Prior to release 8.9, only the A/R Delinquency Notice Print (R03B20) program can be called from Credit Analysis Refresh to print notices. From release 8.9 onwards, there is a further option to use Global Reminders (R03B21), which is also referred to as Tiered Delinquency Notice Print.

 

More details on how this process works, common issues and troubleshooting tips could be found in:

  • E1: 03B: How To Process, Purge and Troubleshoot Delinquency Notices (R03B525, R03B20, R03B21, P03B202, P03B201, R03B5010) (Doc ID 644234.1)
  • E1: 03B: FAQ - Frequently Asked Questions about Delinquency Notice Processing and Purging (R03B525, R03B20, R03B21) (Doc ID 945005.1)
  • E1: 03B: How To Set Up and Run Credit Analysis Refresh In EnterpriseOne (R03B525) (Doc ID 1495853.1)

Statements are sent to customers to inform them of their account activities. For example, a statement can be printed for a customer to show their current open balance or a summary of their account. Statements can be printed or displayed online for review.
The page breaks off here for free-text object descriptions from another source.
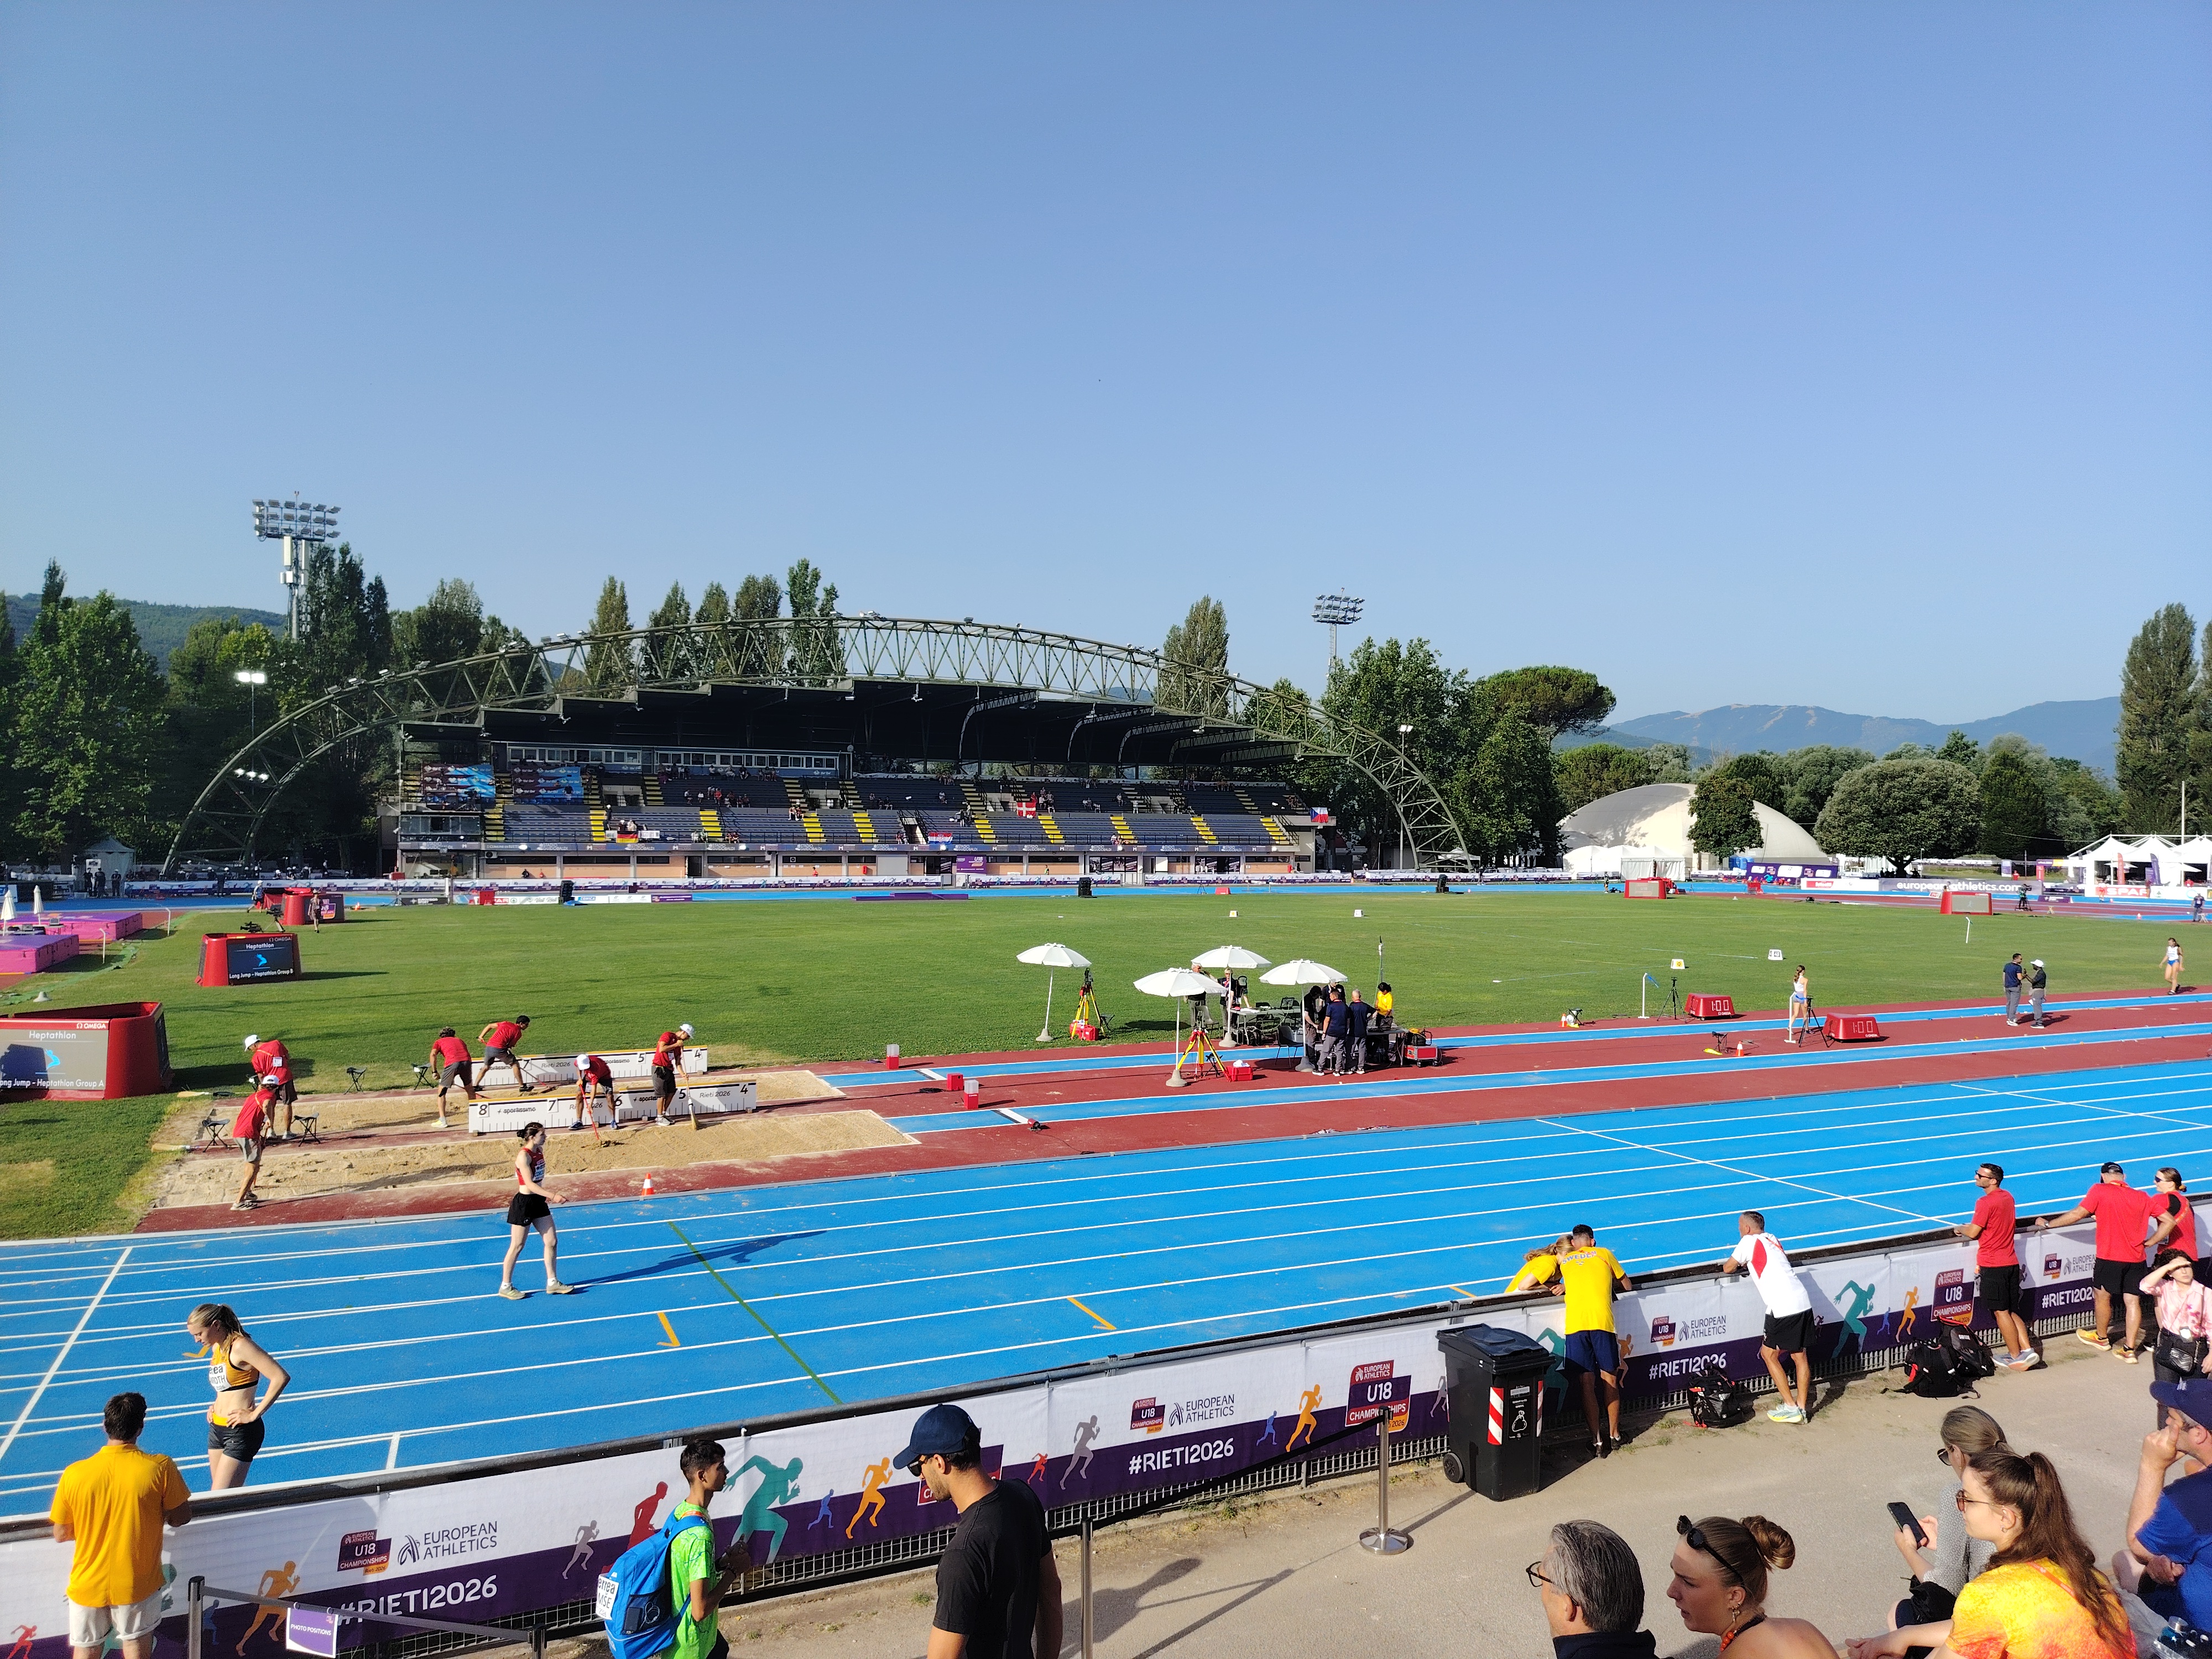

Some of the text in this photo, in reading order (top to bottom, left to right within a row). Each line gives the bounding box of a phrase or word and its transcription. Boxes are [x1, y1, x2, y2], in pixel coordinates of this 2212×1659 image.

[1712, 1000, 1729, 1011] 1:00
[1853, 1021, 1873, 1034] 1:00
[29, 1030, 76, 1041] Heptathlon
[638, 1053, 644, 1063] 5
[694, 1050, 701, 1058] 4
[523, 1060, 530, 1069] 7
[0, 1079, 12, 1088] ong
[13, 1078, 31, 1089] Jump
[37, 1079, 74, 1088] Heptathlon
[76, 1079, 97, 1089] Group
[740, 1084, 748, 1094] 4
[679, 1089, 686, 1099] 5
[549, 1099, 557, 1112] 7
[615, 1095, 623, 1106] 6
[479, 1104, 488, 1115] 8
[1562, 1250, 1597, 1264] SWEDEN
[2073, 1254, 2096, 1265] EUROPEA
[2072, 1262, 2095, 1273] ATHLETIC
[1945, 1286, 1963, 1302] U18
[2042, 1286, 2094, 1308] #RIETI202
[1933, 1303, 1971, 1317] CHAMPIONSHIPS
[1691, 1315, 1726, 1329] EUROPEAN
[1658, 1325, 1669, 1334] U18
[1691, 1325, 1726, 1339] ATHLETICS
[1364, 1363, 1390, 1373] EUROPEAN
[1364, 1370, 1390, 1380] ATHLETICS
[1367, 1381, 1392, 1402] U18
[1186, 1394, 1235, 1411] EUROPEAN
[1141, 1408, 1155, 1419] U18
[1186, 1406, 1234, 1423] ATHLETICS
[1131, 1418, 1162, 1428] CHAMPIONSHIPS
[1129, 1438, 1234, 1475] #RIETI2026
[352, 1531, 374, 1539] EUROPEAN
[424, 1521, 498, 1546] EUROPEAN
[355, 1542, 376, 1557] U18
[423, 1536, 498, 1560] ATHLETICS
[340, 1555, 388, 1569] CHAMPIONSHIPS
[598, 1578, 616, 1595] errea
[337, 1574, 497, 1626] #RIETI2026
[307, 1627, 332, 1636] POSITIONS
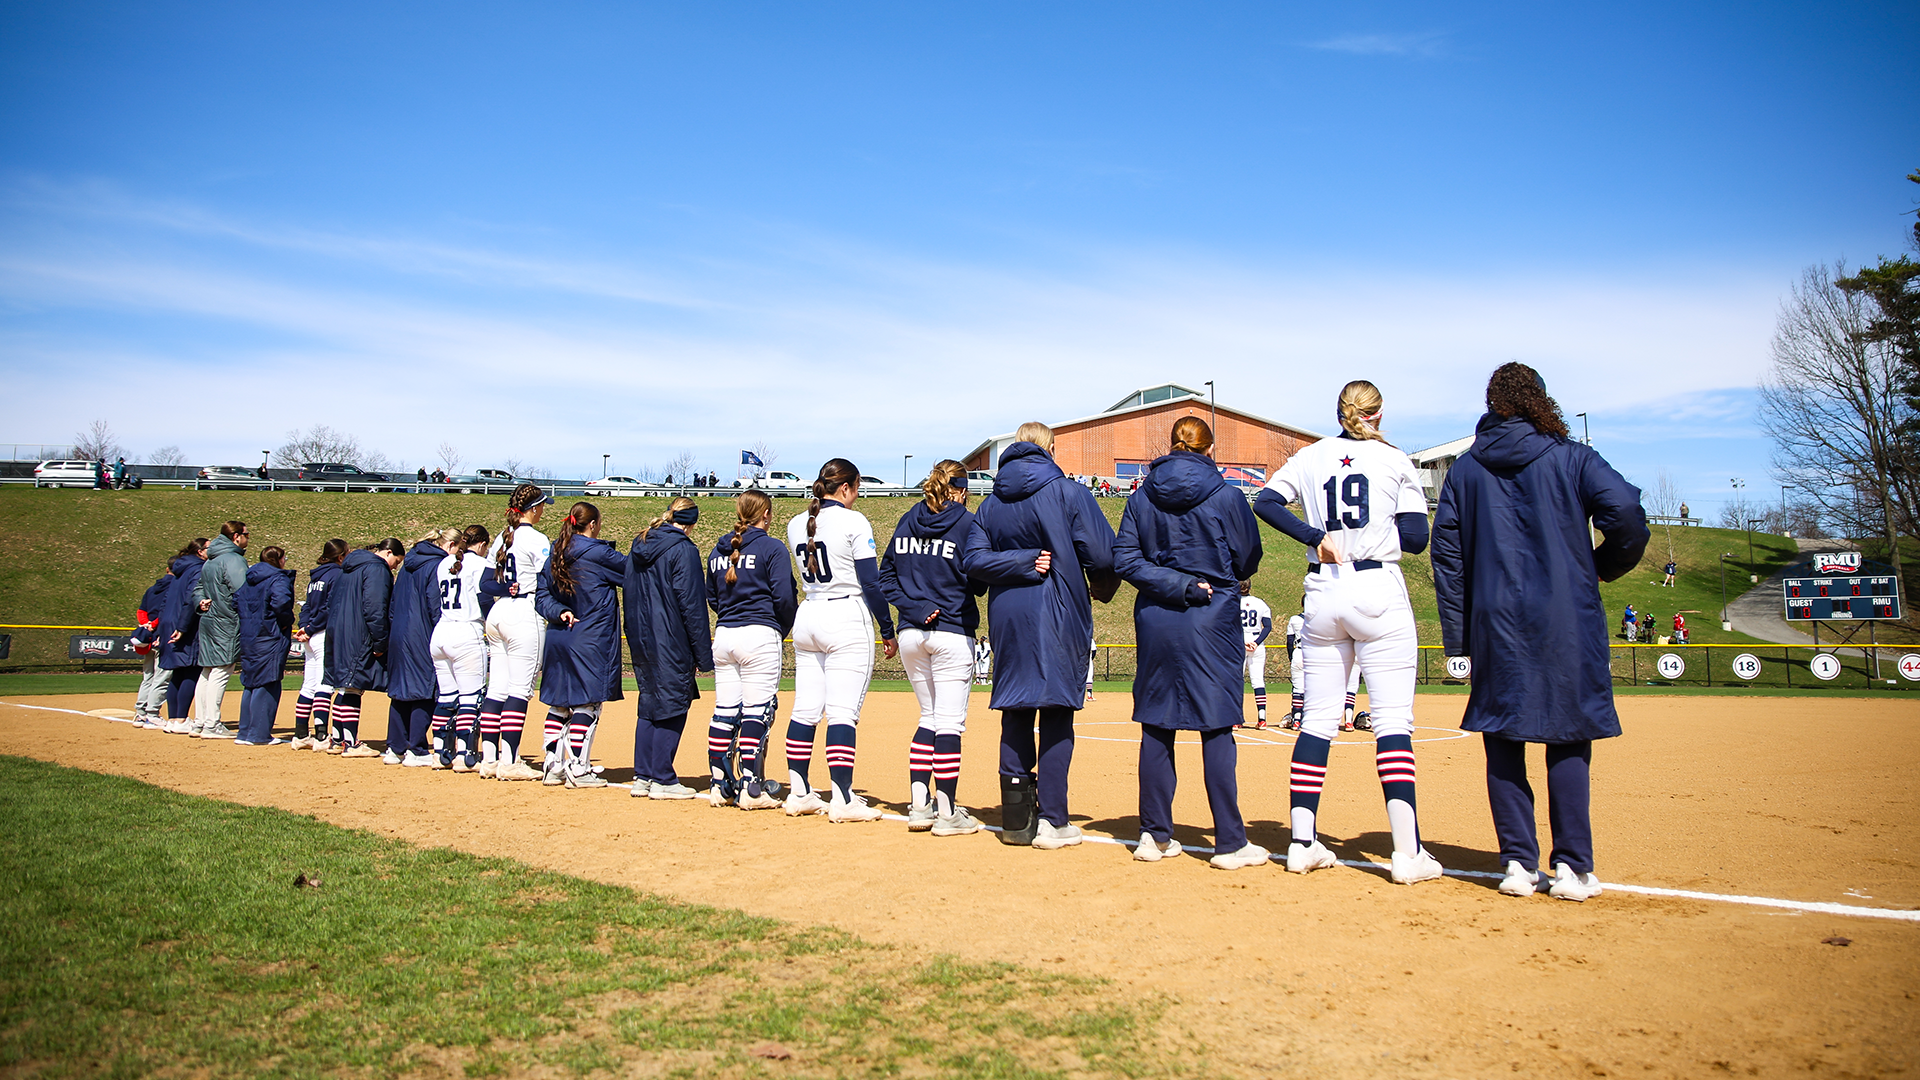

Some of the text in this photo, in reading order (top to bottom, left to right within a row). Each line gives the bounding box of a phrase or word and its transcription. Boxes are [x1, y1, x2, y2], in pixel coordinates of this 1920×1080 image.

[1323, 473, 1370, 532] 19
[895, 537, 957, 560] UNITE
[796, 541, 833, 583] 30
[1815, 554, 1860, 569] RMU
[440, 578, 462, 609] 27
[1792, 586, 1800, 597] 0
[1820, 585, 1828, 597] 0
[1852, 584, 1860, 596] 0
[1789, 599, 1813, 607] GUEST
[1872, 597, 1891, 605] RMU
[1802, 606, 1811, 618] 0
[1883, 605, 1892, 617] 0
[1240, 609, 1257, 627] 28
[80, 639, 113, 652] RMU
[1452, 661, 1467, 671] 16
[1663, 661, 1679, 671] 14
[1738, 661, 1756, 671] 18
[1822, 661, 1829, 671] 1
Once statements are processed they can be reprinted or reset if necessary.

 

Statements are generated by running the Statement Notification Refresh (R03B500X) which uses data from the Customer Ledger (F03B11), the A/R Check Detail (F03B14) and the Invoice Revisions (F03B112) tables to print statements. Once this information is gathered, R03B500X uses this information to write records to the A/R Notification History (F03B20) and the A/R Notification History Detail (F03B21) tables. This then calls the A/R Statement Print Driver (R03B5005), which submits any print job or version for statements and calls the Statement Print Program. There are various standard Statement Print programs available, which are set up in user defined code (UDC) 03B/ST, and designated for use in the Statement Notification Refresh (R03B500X) processing options:                             

  • Statement Print (R03B5001)         
  • Kagami Invoice Statement (R03B5001JP)   
  • Italian Statement Print (R03B5002
  • Statement Print Credit Card (R03B5003)
  • Statement Print with Draft (R03B506)  

 

More details on how this process works, common issues and troubleshooting tips could be found in:

 

  • How To Set Up and Generate Accounts Receivable Statements In JD Edwards EnterpriseOne Accounts Receivable (Doc ID 625781.1)
  • FAQ - Frequently Asked Questions about A/R Statements (Doc ID 625842.1)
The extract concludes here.